* **REQUIRED WORK**:
Everything in the data that follows should be given again verbatim, except the images.

* **RECORDS PROVIDED**:
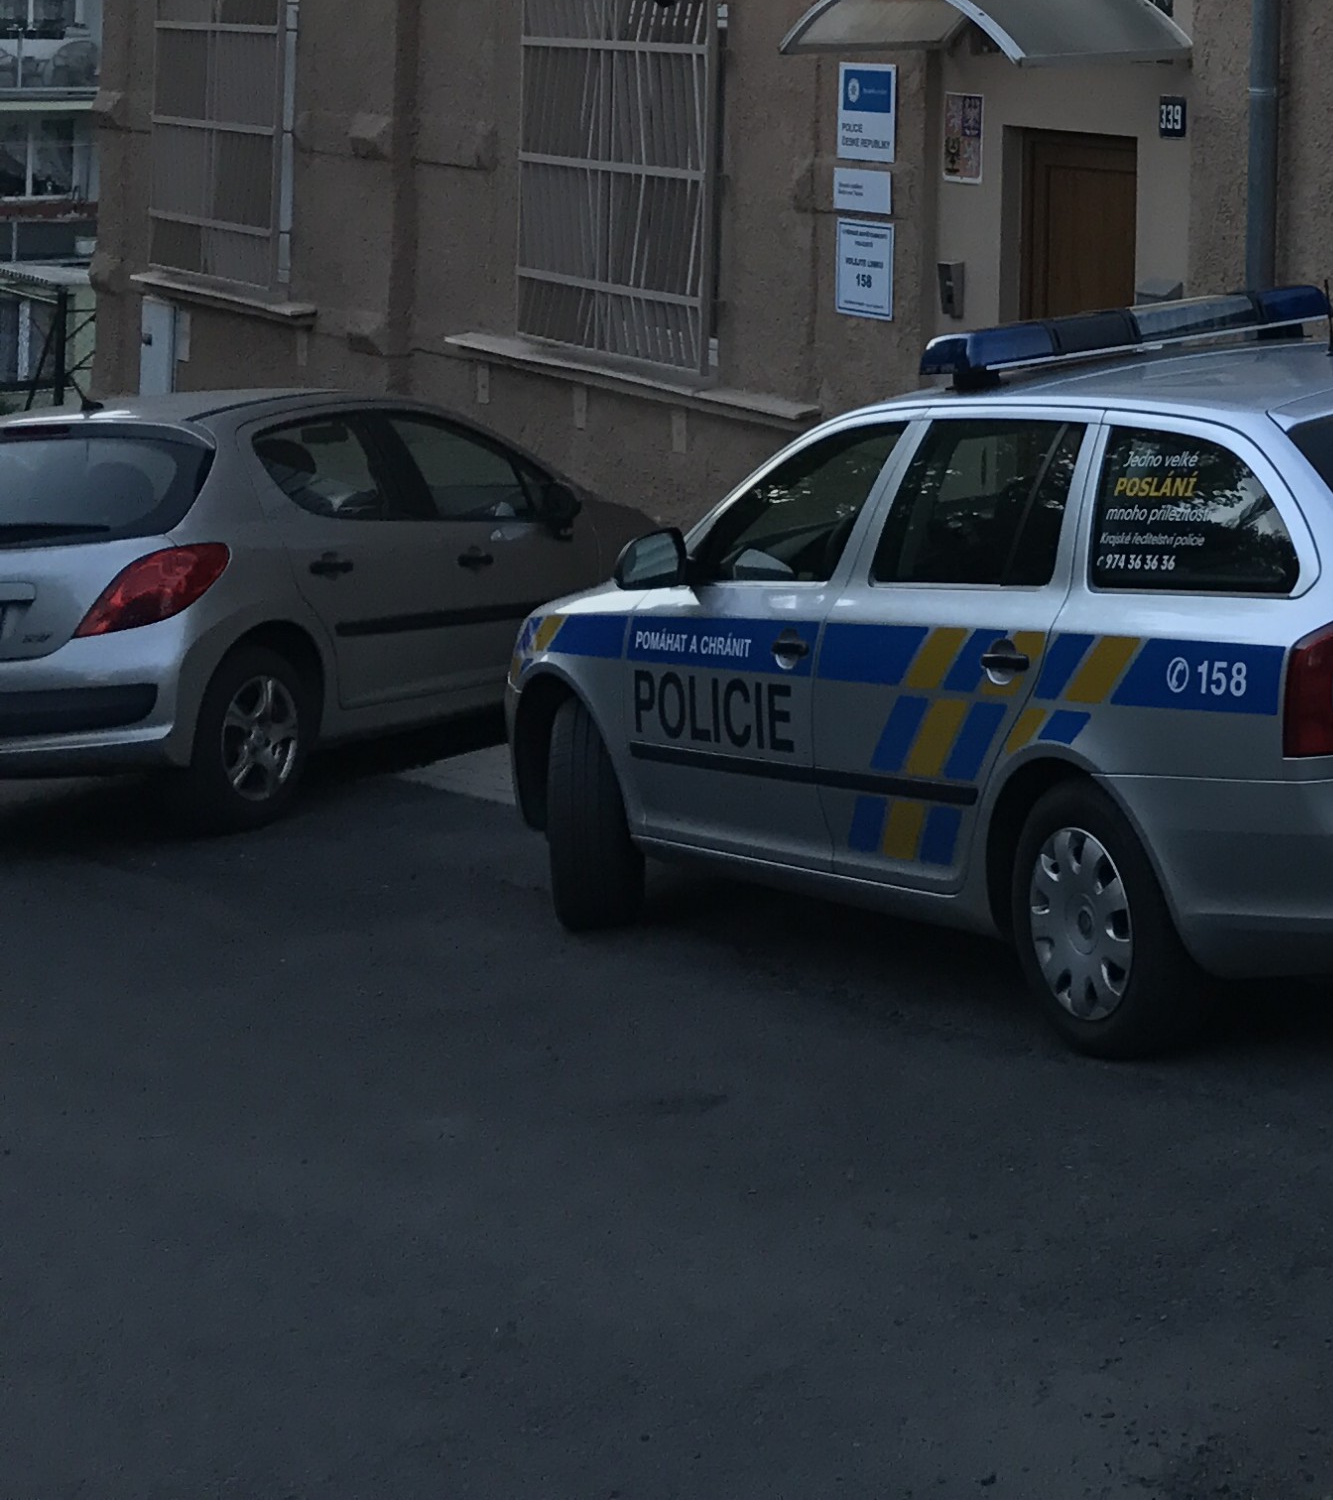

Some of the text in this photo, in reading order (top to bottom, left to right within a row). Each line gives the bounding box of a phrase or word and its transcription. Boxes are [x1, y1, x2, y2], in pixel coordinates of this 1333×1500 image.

[1160, 104, 1182, 130] 339
[855, 272, 873, 289] 158
[1123, 450, 1199, 468] Jedno velké
[1114, 470, 1199, 497] POSLÁNÍ
[1105, 504, 1148, 521] mnoho
[1100, 532, 1132, 547] Krajské
[1173, 533, 1206, 548] policie
[1105, 554, 1176, 570] 974 36 36 36
[635, 628, 752, 658] POMÁHAT A CHRÁNIT
[1197, 660, 1248, 697] 158
[634, 669, 795, 753] POLICIE

* **RESPONSE TO THE TASK**:
Some of the text in this photo, in reading order (top to bottom, left to right within a row). Each line gives the bounding box of a phrase or word and its transcription. Boxes are [x1, y1, x2, y2], in pixel coordinates of this 1333×1500 image.

[1160, 104, 1182, 130] 339
[855, 272, 873, 289] 158
[1123, 450, 1199, 468] Jedno velké
[1114, 470, 1199, 497] POSLÁNÍ
[1105, 504, 1148, 521] mnoho
[1100, 532, 1132, 547] Krajské
[1173, 533, 1206, 548] policie
[1105, 554, 1176, 570] 974 36 36 36
[635, 628, 752, 658] POMÁHAT A CHRÁNIT
[1197, 660, 1248, 697] 158
[634, 669, 795, 753] POLICIE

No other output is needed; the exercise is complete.